THE DATA Block Start

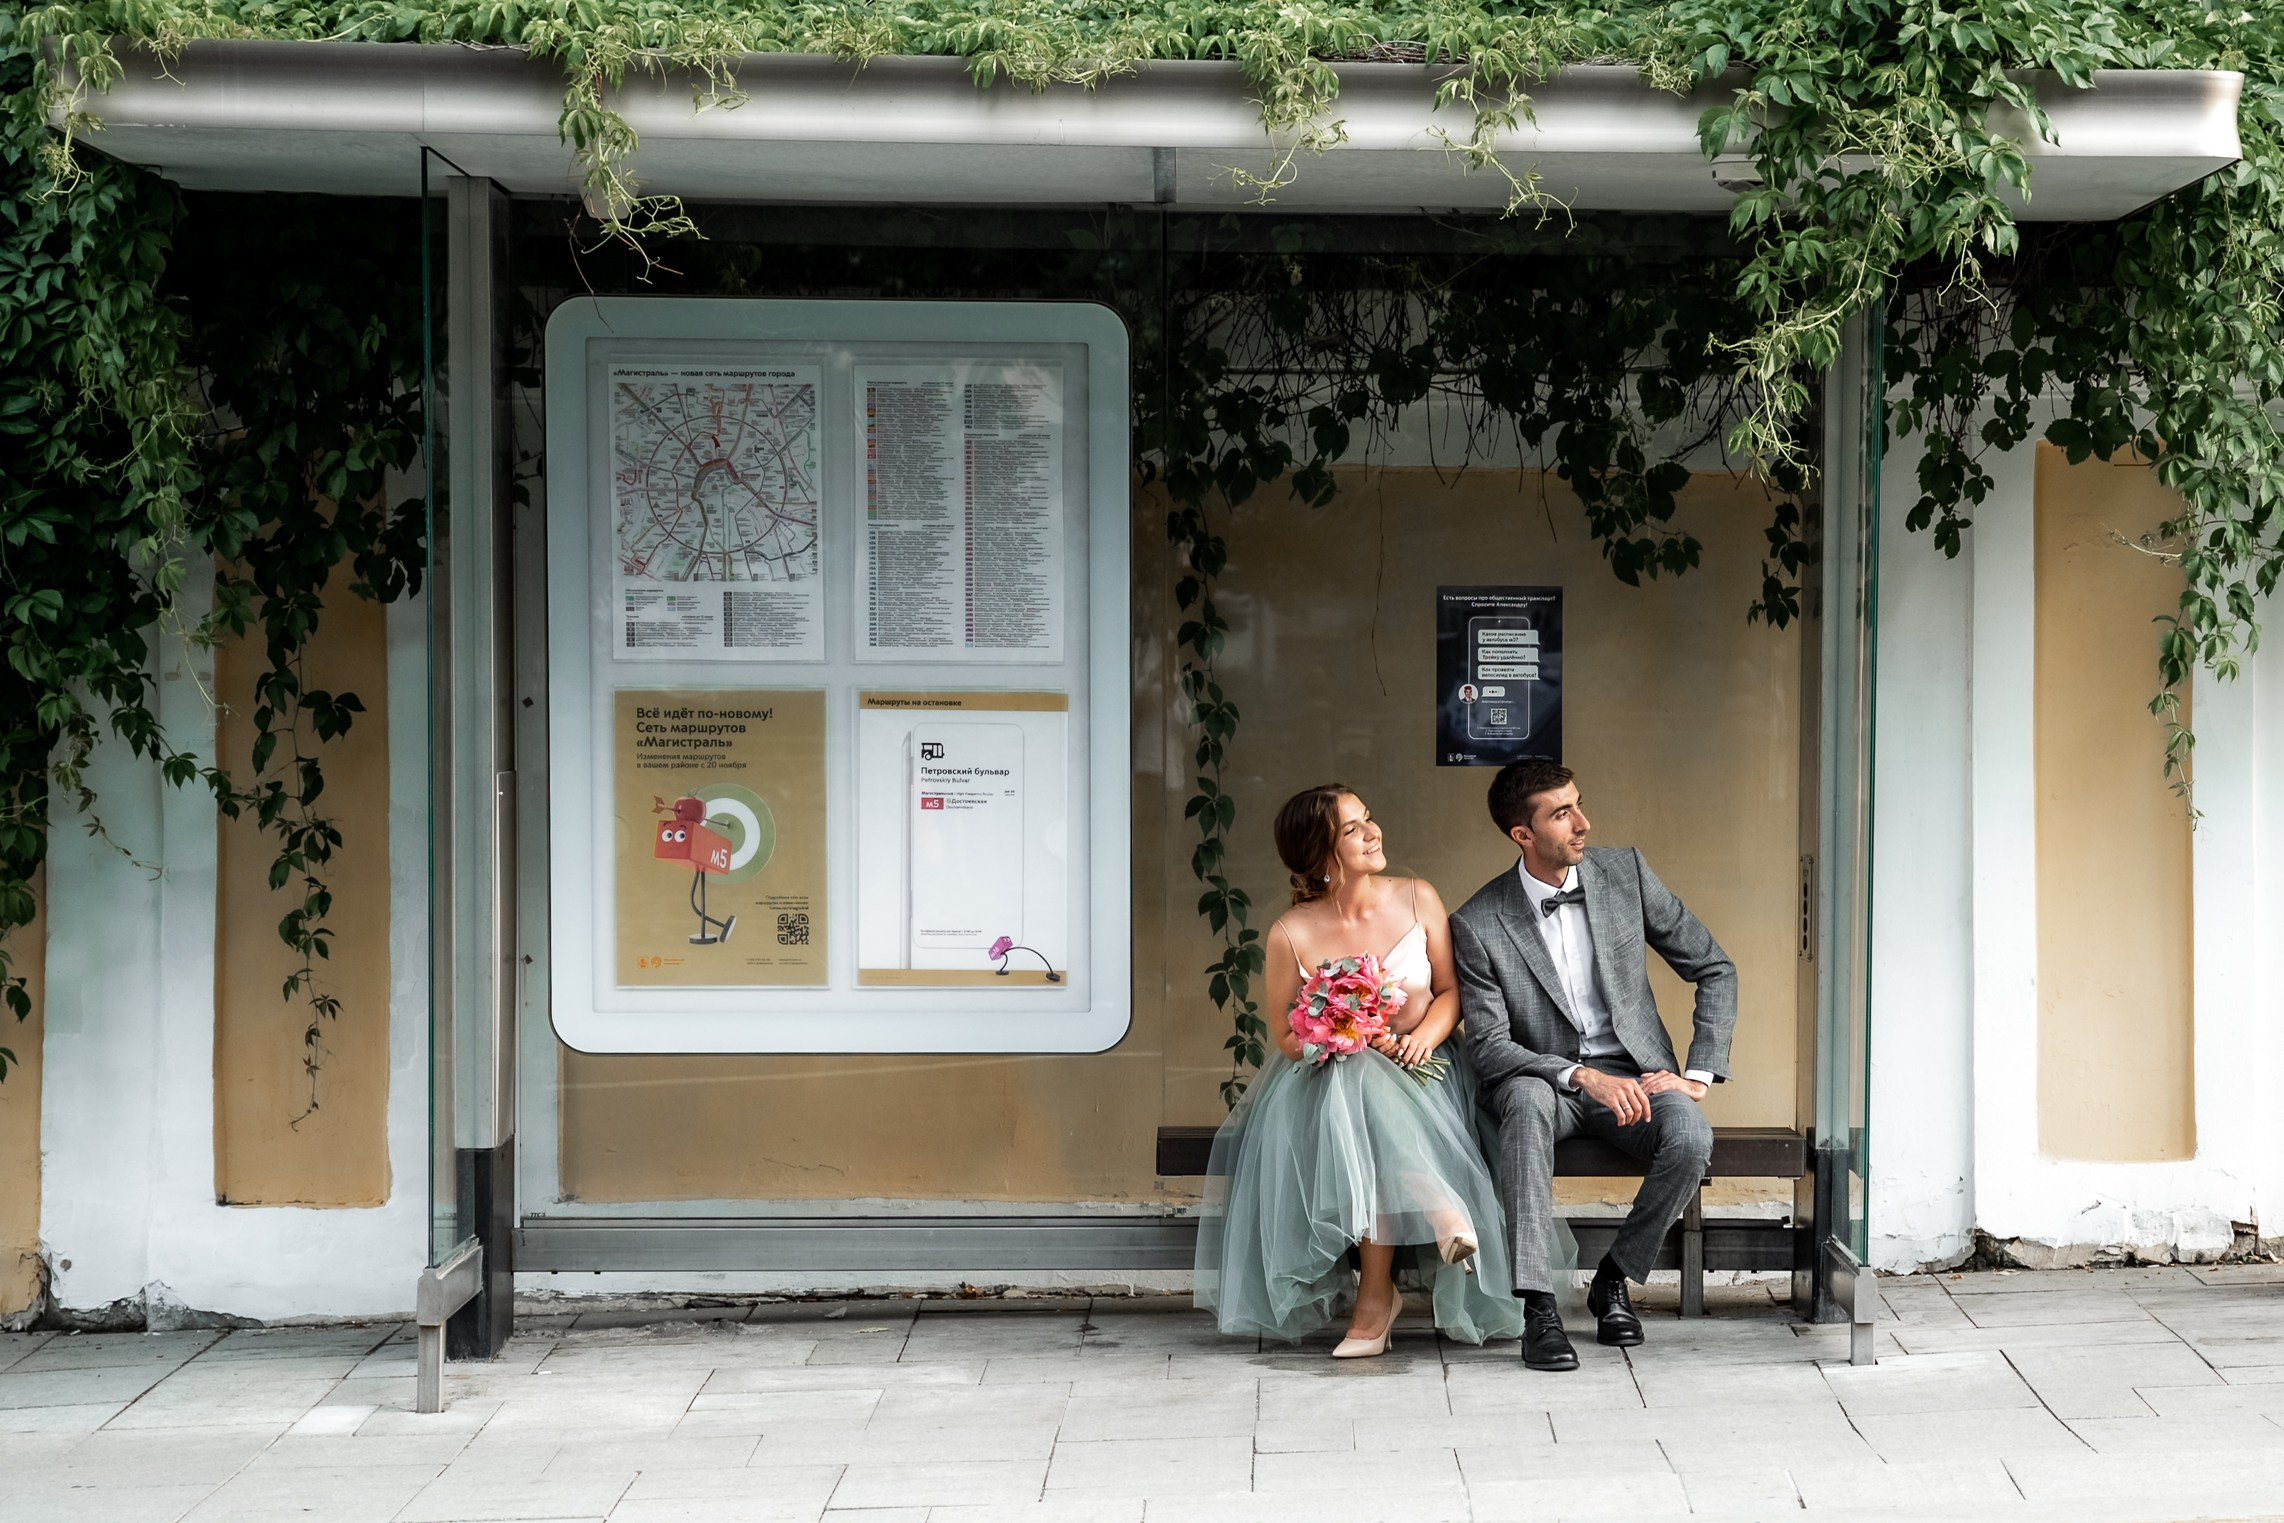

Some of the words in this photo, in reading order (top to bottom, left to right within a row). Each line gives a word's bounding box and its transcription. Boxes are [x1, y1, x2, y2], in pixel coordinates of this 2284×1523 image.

[613, 369, 669, 378] «Магистраль»
[723, 370, 767, 379] маршрутов
[768, 370, 796, 379] города
[867, 698, 911, 707] Маршруты
[636, 707, 660, 719] Всё
[664, 707, 695, 720] идёт
[698, 708, 773, 722] по-новому!
[636, 722, 667, 733] Сеть
[670, 724, 747, 736] маршрутов
[636, 736, 733, 749] «Магистраль»
[682, 754, 726, 763] маршрутов
[671, 762, 699, 772] районе
[719, 761, 747, 772] ноября
[921, 767, 973, 776] Петровский
[974, 767, 1010, 777] бульвар

THE DATA Block End

■ **WORK INSTRUCTIONS**
Give back each entry exactly as it appears. Leave pictures out.

■ **ANSWER BOX**
Some of the words in this photo, in reading order (top to bottom, left to right within a row). Each line gives a word's bounding box and its transcription. Boxes are [x1, y1, x2, y2], in pixel coordinates of this 2284×1523 image.

[613, 369, 669, 378] «Магистраль»
[723, 370, 767, 379] маршрутов
[768, 370, 796, 379] города
[867, 698, 911, 707] Маршруты
[636, 707, 660, 719] Всё
[664, 707, 695, 720] идёт
[698, 708, 773, 722] по-новому!
[636, 722, 667, 733] Сеть
[670, 724, 747, 736] маршрутов
[636, 736, 733, 749] «Магистраль»
[682, 754, 726, 763] маршрутов
[671, 762, 699, 772] районе
[719, 761, 747, 772] ноября
[921, 767, 973, 776] Петровский
[974, 767, 1010, 777] бульвар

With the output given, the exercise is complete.